▸ **Goal of the exercise**
In full and without changes, output the data.

▸ **Saved data entries**
>>

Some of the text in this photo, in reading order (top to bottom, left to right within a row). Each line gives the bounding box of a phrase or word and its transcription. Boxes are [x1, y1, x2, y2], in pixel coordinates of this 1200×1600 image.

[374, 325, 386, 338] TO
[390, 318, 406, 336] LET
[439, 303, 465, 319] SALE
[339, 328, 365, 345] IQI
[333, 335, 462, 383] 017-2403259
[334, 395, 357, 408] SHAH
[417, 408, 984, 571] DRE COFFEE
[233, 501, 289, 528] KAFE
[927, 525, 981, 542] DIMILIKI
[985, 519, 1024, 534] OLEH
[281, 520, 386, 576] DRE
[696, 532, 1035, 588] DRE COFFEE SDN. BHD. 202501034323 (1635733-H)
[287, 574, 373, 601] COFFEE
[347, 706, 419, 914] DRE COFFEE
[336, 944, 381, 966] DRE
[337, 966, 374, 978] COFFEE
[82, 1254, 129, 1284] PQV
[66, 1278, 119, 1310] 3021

<<

▸ **Exercise solution**
Some of the text in this photo, in reading order (top to bottom, left to right within a row). Each line gives the bounding box of a phrase or word and its transcription. Boxes are [x1, y1, x2, y2], in pixel coordinates of this 1200×1600 image.

[374, 325, 386, 338] TO
[390, 318, 406, 336] LET
[439, 303, 465, 319] SALE
[339, 328, 365, 345] IQI
[333, 335, 462, 383] 017-2403259
[334, 395, 357, 408] SHAH
[417, 408, 984, 571] DRE COFFEE
[233, 501, 289, 528] KAFE
[927, 525, 981, 542] DIMILIKI
[985, 519, 1024, 534] OLEH
[281, 520, 386, 576] DRE
[696, 532, 1035, 588] DRE COFFEE SDN. BHD. 202501034323 (1635733-H)
[287, 574, 373, 601] COFFEE
[347, 706, 419, 914] DRE COFFEE
[336, 944, 381, 966] DRE
[337, 966, 374, 978] COFFEE
[82, 1254, 129, 1284] PQV
[66, 1278, 119, 1310] 3021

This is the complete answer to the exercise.